Paramount Trading pivots to offset impact of COVID-19
In an effort to blunt the impact of the novel coronavirus, chemical company Paramount Trading Jamaica Limited says it was able to take advantage of the window of opportunity created by the pandemic by pivoting its business into manufacturing sanitisation-related products.
In the last quarter of its financial year ended May 31, 2020, Paramount indicated in its financial report to shareholders that the onset of novel coronavirus presented new challenges, as its revenue growth strategy and profit were stymied due to the adverse market conditions.
Nonetheless, the company recovered some lost ground as it adapted to the operating environment and generated revenue of $1.52 billion, which was five per cent below the previous corresponding year’s earnings of $1.60 billion.
“We are pleased to report that the food grade and technical grade portfolios enjoyed revenue growth of two per cent and two per cent respectively. Paramount Trading, being well positioned, was able to capitalise on opportunities during the pandemic and seamlessly pivoted into manufacturing sanitation products, such as hand sanitiser and surface cleaners. These generated revenue of over $43 million for the technical grade division during the last quarter,” the report stated.
Paramount Trading also recorded an after-tax profit of $53 million for the financial year, $9.6 million less than the $62.6 million reported in the previous corresponding year.
The company said that the lubricant division — although still poised to be its main growth driver — suffered some setback due to the country-wide closure of non-essential service businesses during the fourth quarter. This resulted in a 20 per cent reduction in divisional revenue year on year.
Operating expenses of $385.7 million showed a positive variance of nine per cent over the prior year, driven primarily by a decrease in the company’s administrative costs which decreased from $401.8 million in the prior year to $366.9 million.

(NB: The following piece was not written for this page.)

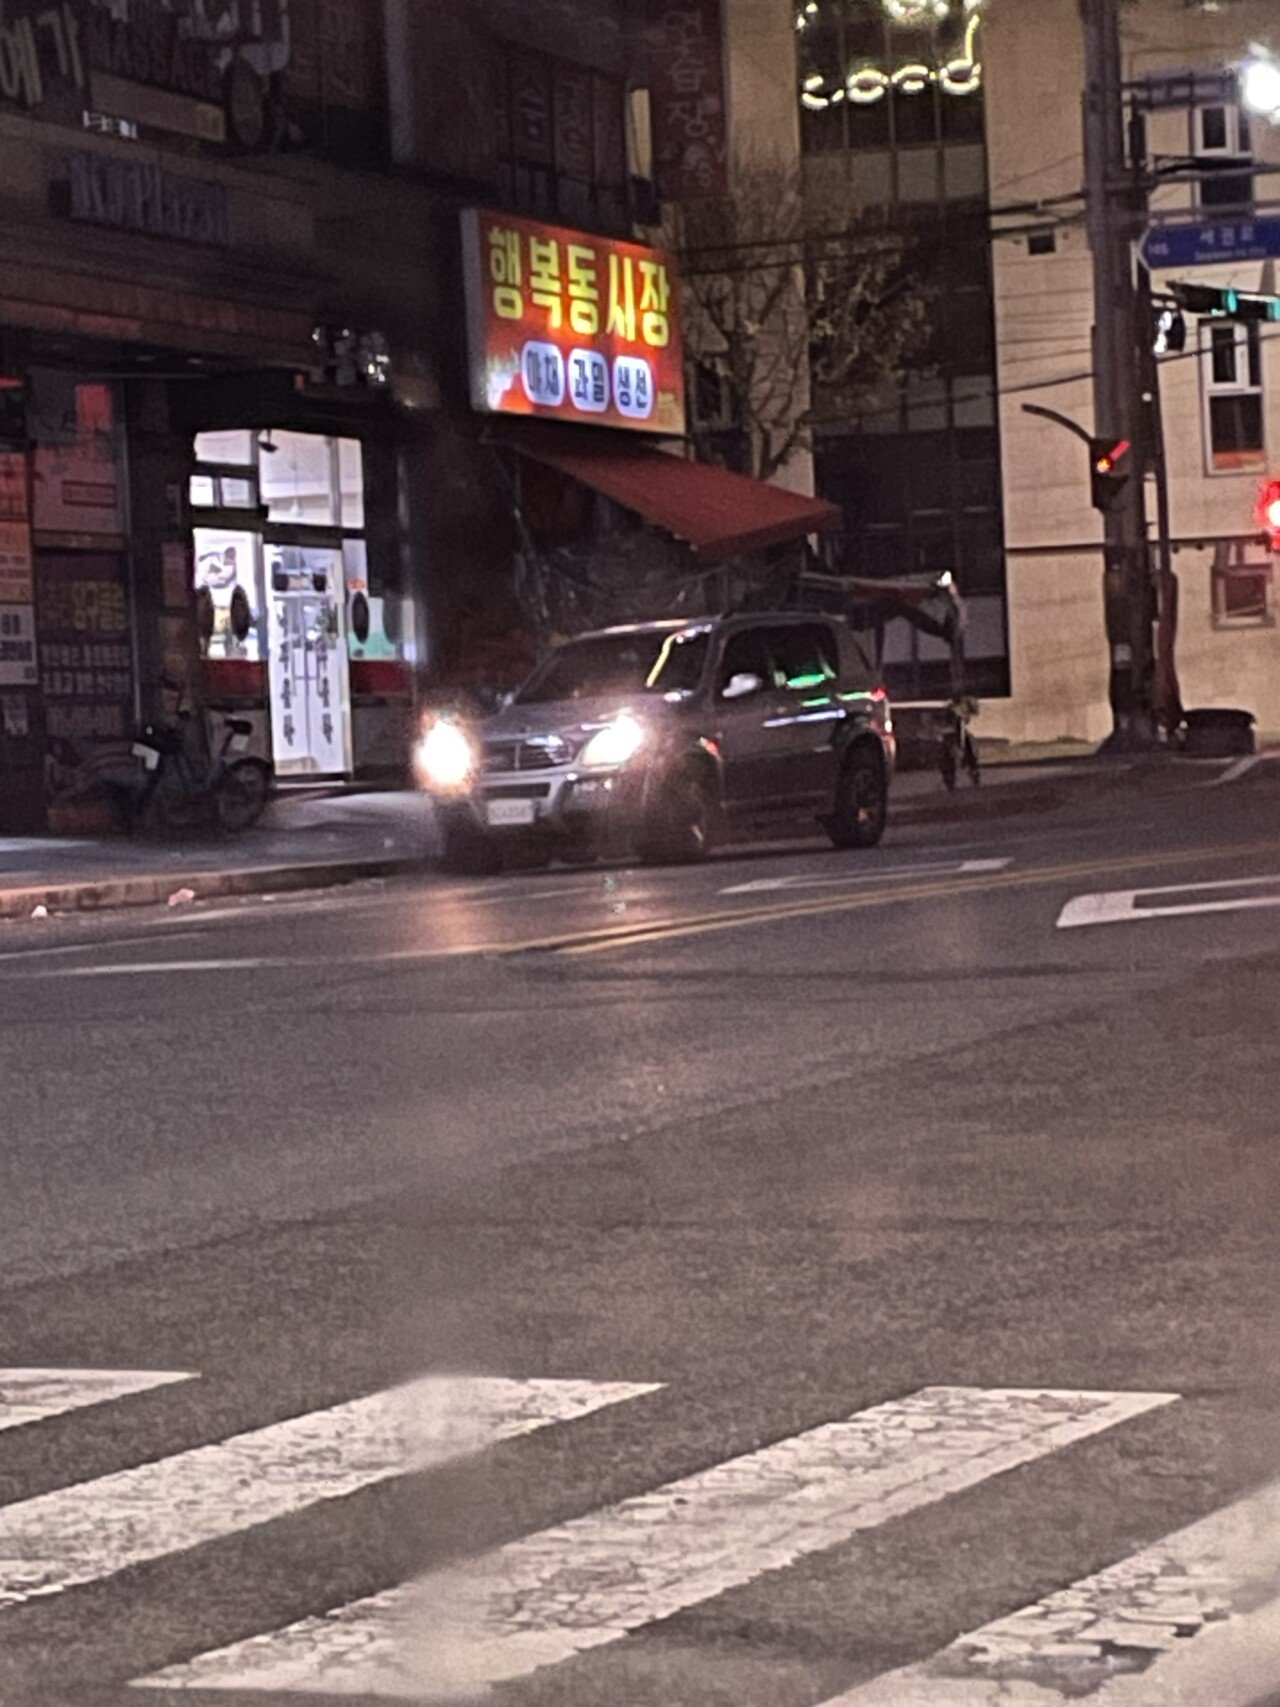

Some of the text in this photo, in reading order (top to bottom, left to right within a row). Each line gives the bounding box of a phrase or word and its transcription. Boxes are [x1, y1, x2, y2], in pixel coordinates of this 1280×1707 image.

Concurrently, Paramount Trading saw an increase in its finance costs by over 107 per cent. This it said, was as a result of capacity build-out funded mainly by preference shares and increase in debt.
“While our investment reduced by $217.4 million, inventory of $683.6 million reflected an increase of $135.8 million. Receivables improved significantly moving from $373.0 million to $270.1 million. As we strive to improve our foreign exchange holding and effectively match our foreign assets with our foreign liabilities, cash and cash equivalent showed an increase of $133.0 million, which bolstered our liquidity,” the company stated. Paramount assured that although long-term borrowings now stands at $126.2 million, an increase of $77.9 million, Paramount Trading is “well within its capital adequacy requirements and conventional gearing ratio”.

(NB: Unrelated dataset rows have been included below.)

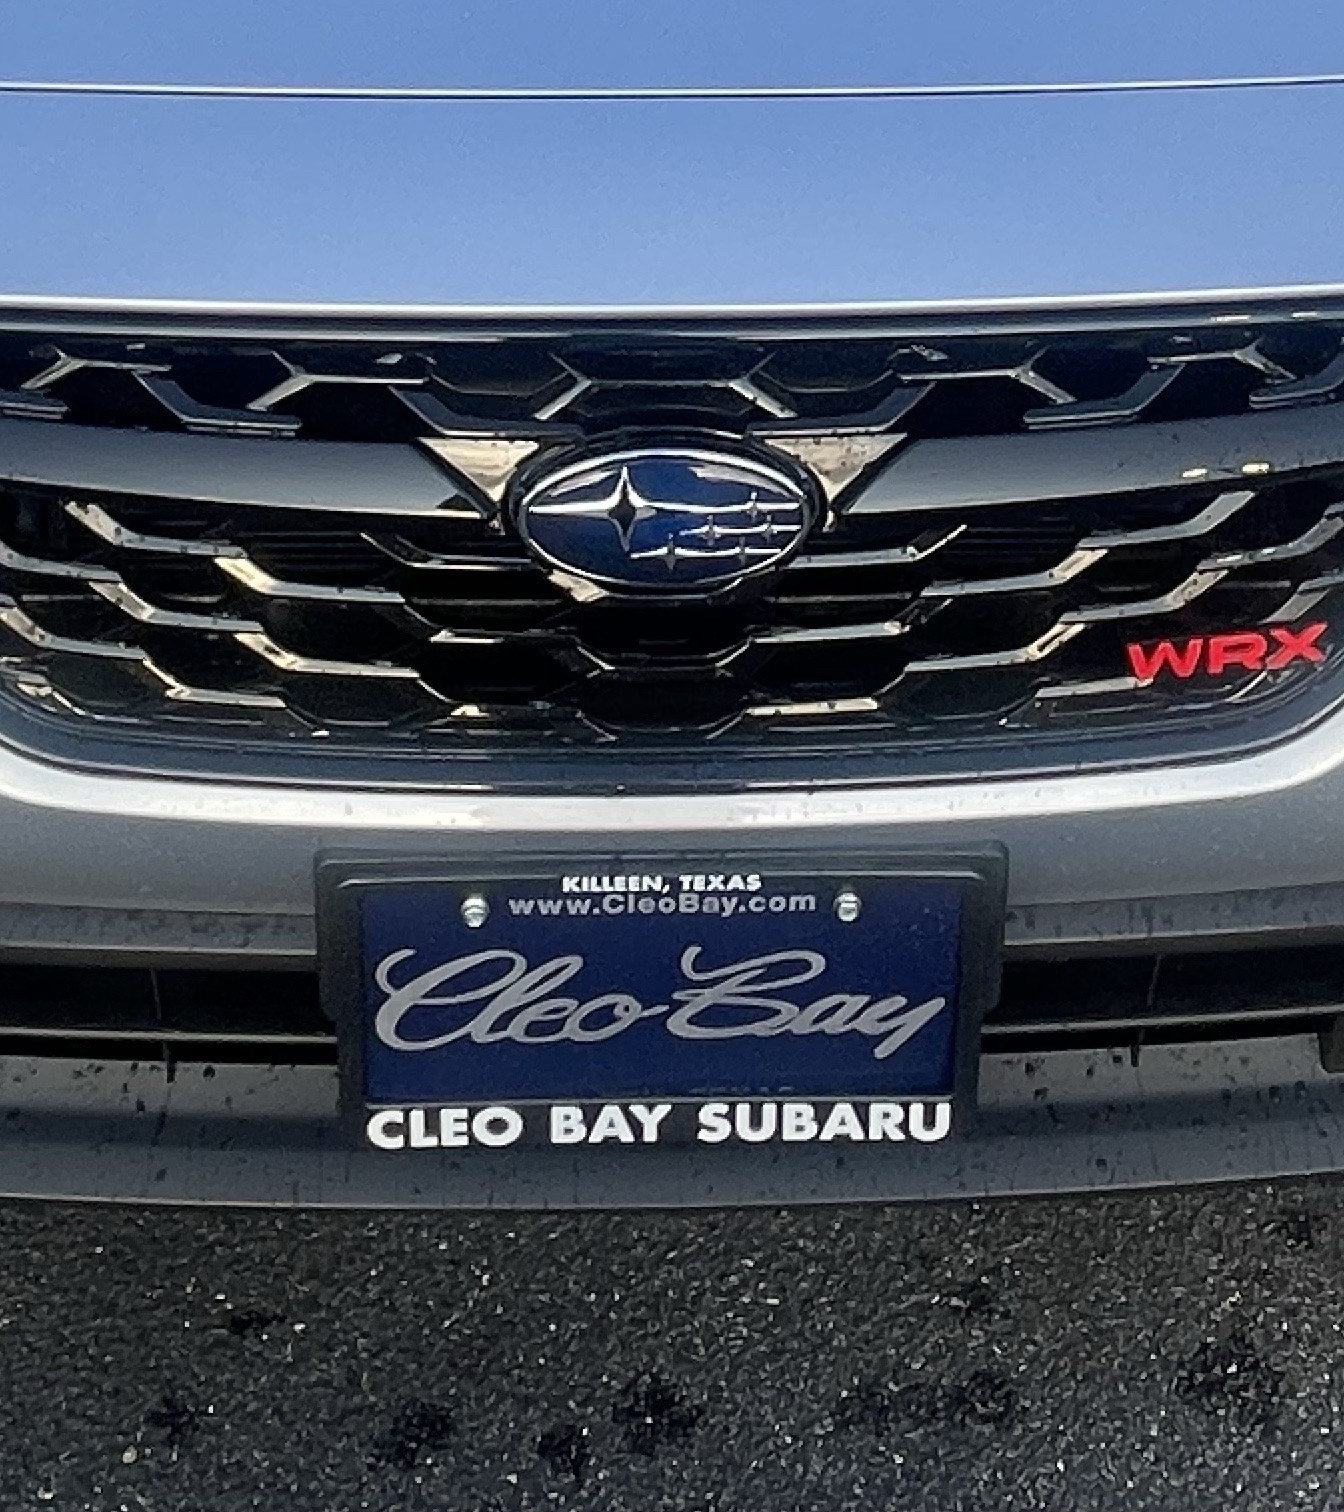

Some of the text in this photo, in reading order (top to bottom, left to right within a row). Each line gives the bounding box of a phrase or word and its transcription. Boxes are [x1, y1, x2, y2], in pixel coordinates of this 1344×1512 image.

[1127, 622, 1329, 680] WRX
[509, 893, 816, 917] www.CleoBay.com
[562, 874, 762, 893] KILLEEN, TEXAS
[375, 945, 946, 1059] Cleo Bay
[367, 1102, 952, 1149] CLEO BAY SUBARU

Earnings per share for the period under review ended at $0.034, down from the $0.040 recorded for the previous corresponding year.
NEW OUTLOOK:
According to the company, during the new financial year, it will continue to build out its productive capacity.
“COVID-19 created sudden and unexpected changes in Paramount’s operating environment, and we anticipate that this situation will remain with us in the short to medium term. We have already capitalised our lubricant plant and installed the packaging line. Renovation activities already started on the bleach, and chlorine plants will continue in the new financial year. We have also expanded into manufacturing sanitation products and will widen the product base over time”.
It further said that the main drivers in the short term will be the revenue derived from new products, the expansion of its offerings in the bleach division, and its continued pursuit of contract manufacturing in the lubricant division.